Most people in this country don't even understand the opportunity they have been given.  They are not satisfied with opportunity.  They want equality of outcome.  They really want even more than that, as I observe America now.

If you are white, I don't think you can just be angry with black people.  White people caused this. They took advantage of the depraved taste of equality that almost everyone possesses. They couldn't guarantee a better life though, so many black people now are left in a state of hopelessness, followed by anger.  We see the anger. The history of African Americans in America is that they were brought here against their will and since then they have been used as political pawns by evil opportunists who pose as their saviors.
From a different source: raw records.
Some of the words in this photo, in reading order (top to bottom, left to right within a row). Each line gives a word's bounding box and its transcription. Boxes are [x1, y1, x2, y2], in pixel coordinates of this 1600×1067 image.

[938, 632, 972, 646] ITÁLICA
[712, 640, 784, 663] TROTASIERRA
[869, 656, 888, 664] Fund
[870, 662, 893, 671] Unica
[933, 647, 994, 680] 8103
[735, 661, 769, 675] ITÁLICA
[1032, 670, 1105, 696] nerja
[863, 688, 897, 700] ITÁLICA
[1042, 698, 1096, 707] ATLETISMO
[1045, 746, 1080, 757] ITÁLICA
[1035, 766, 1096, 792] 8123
Why obey the law if you can't have a better life when you do?  People see what they don't have and they don't see a path to get there except through some form of government assistance.   They think that violent protests and kneeling during the anthem will get them there. They think that because there are white people and select black leaders who tell them they are right.  The media also rewards the behavior.  It is a losing, totally losing proposition.   It is absolutely the wrong message.

You cannot succeed against natural law.  The path to success follows a natural progression.  You can't skip the steps to getting there.  No amount of tilting the playing field will help.

De Tocqueville was brutal in his observations about both African Americans and American Indians.  He hated slavery, but he believed that, even though assimilation was best for both, it mainly would not occur.   He assessed that neither were people "democratic" enough to live in a democracy. They just wouldn't.  He predicted the extinction of the Indians in America, because they would be too proud to assimilate.

If I project myself backwards to De Tocqueville's time, I don't share his pessimism, proceeding from his underlying Roman Catholicism, because I believe God's Word.  I don't take the Hillary Clinton's, her basket of deplorable and unredeemable, view of the world. People can change through conversion.  God intervenes in depraved hearts.  They stop lusting for equality and accept liberty. However, they will not change without moral absolutes or absolute truth, a true gospel, and then careful and plain biblical preaching, none of which are even accepted any more in the United States.

Booker T. Washington had a plan at the turn of the 20th Century that was rejected by African Americans in general and the United States as a whole, his plan founded on the laws of nature and nature's God.  If implemented, it would have succeeded.  A depraved taste of equality impelled the weak to bring the strong down to their level, which summarized the lying vanities of W. E. B. Dubois.

Kneeling at a national anthem and violent street protests are the less significant symptoms of a depraved taste of equality.  They are but pawn movements on the board of massive political demagoguery.  Joining them among many others is economic punishment targeting a very miniscule moderation of transgenderism.

When rewards and punishments are not tied to merit according to principles of natural law and the revealed law of God, the opposite, what some have called, "learned helplessness," results.  People stop trying to succeed.  They want it handed to them.

Some would say they don't want a hand out, but a hand up.  The need a hand up:  college tuition, free medical, child care, and subsidized housing.  These are hand. outs.  They are learned helplessness, helplessness that isn't liberty; helplessness that is slavery.

The future isn't bright for a nation that doesn't respect the law, that offers even foreign neighbors an equality that is a lie.  Then police say, "Take your hands out of your pockets so I can see them," and the suspect doesn't have to do that.  Police say, "Kneel down," and he doesn't.  They don't think any longer that there is any merit, any value to doing what police say.  'It won't help you to listen, to submit to authority' is a lie.  The lawbreakers see little path to success.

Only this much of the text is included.